Ms. Was Horta and I started at a Korean snack shop in the Village fronted by the usual buckets jammed with carnations and bright orange gerberas. She pointed out a sorry-looking bouquet of roses. The buds were oddly pointy. “They’ve peeled off the petals that have started to wilt,” she says. The remaining petals are veined—another sign of age. “And feel this!” she says, squeezing the base of a bud. It was soft and spongy, a symptom of dehydration.
Ms. Was Horta dismissed the store’s mixed arrangements—those riotous combos of red roses, sunflowers and baby’s breath found only at the bodega. Not only do they look like the work of a crazy person, they’re often composed of flowers past their prime.
But looking further, she found plenty of floral fodder for an elegant Mother’s Day arrangement. Her strategy: combining four or five flower varieties in the same color family. “Keep it mono and you’re taking out the guesswork,” she says.
She starts with the $10 lilacs and $8 purple tulips. Flowers in season are usually the best deal at the stand. Next, she selects a bouquet of spray carnations. “Carnations can be a good foundation or serve as filler,” she says. She adds two $6 bunches of striped alstroemeria—a delicate looking lily that’s surprisingly hardy. Finally, she grabs a bunch of deep green ruscus leaves; foliage adds polish.

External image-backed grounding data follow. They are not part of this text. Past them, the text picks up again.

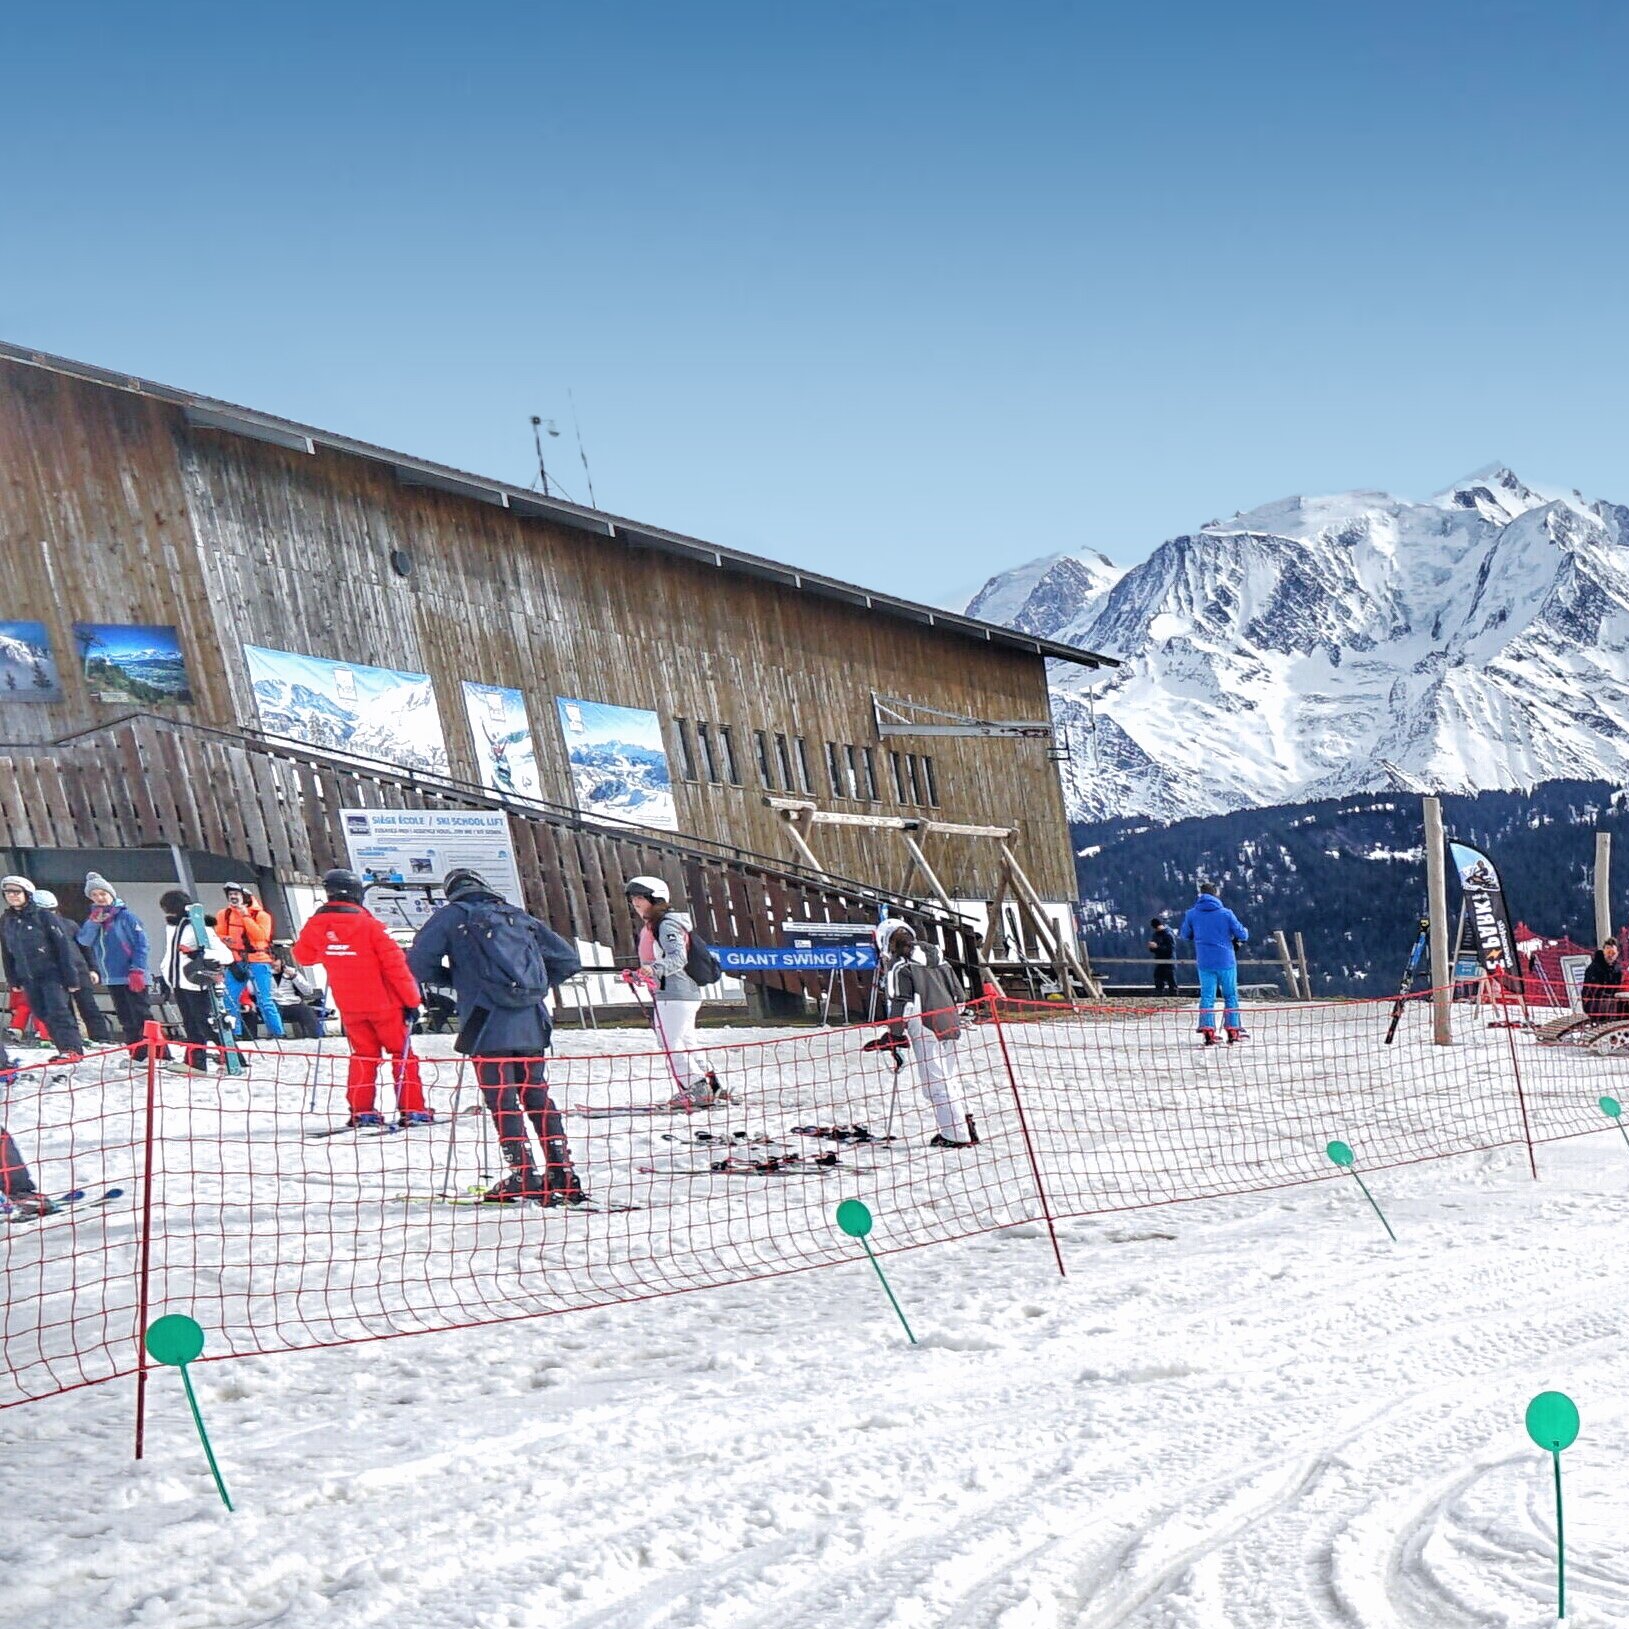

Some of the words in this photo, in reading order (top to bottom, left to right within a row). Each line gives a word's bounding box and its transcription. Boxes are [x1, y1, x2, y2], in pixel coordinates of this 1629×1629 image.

[436, 817, 449, 826] SKI
[451, 817, 485, 826] SCHOOL
[486, 817, 503, 826] LIFT
[726, 952, 778, 966] GIANT
[782, 953, 837, 965] SWING

Back at the flower school, she gives every stem a fresh cut, hammering the woody stems of the lilacs to split them open. She snips off stray branches and leaves that would rot under the water line.
It takes about 45 minutes to dissemble, trim and arrange all nine bouquets in a $2 glass vase. But the result looks like something you’d see in the lobby of the Plaza Hotel. This would really wow mom.
Back home, the lovely tulips and lilacs last about two days. But what did I expect? The cheap carnations, of course, will never, ever die.
Perfect for regifting on Father’s Day!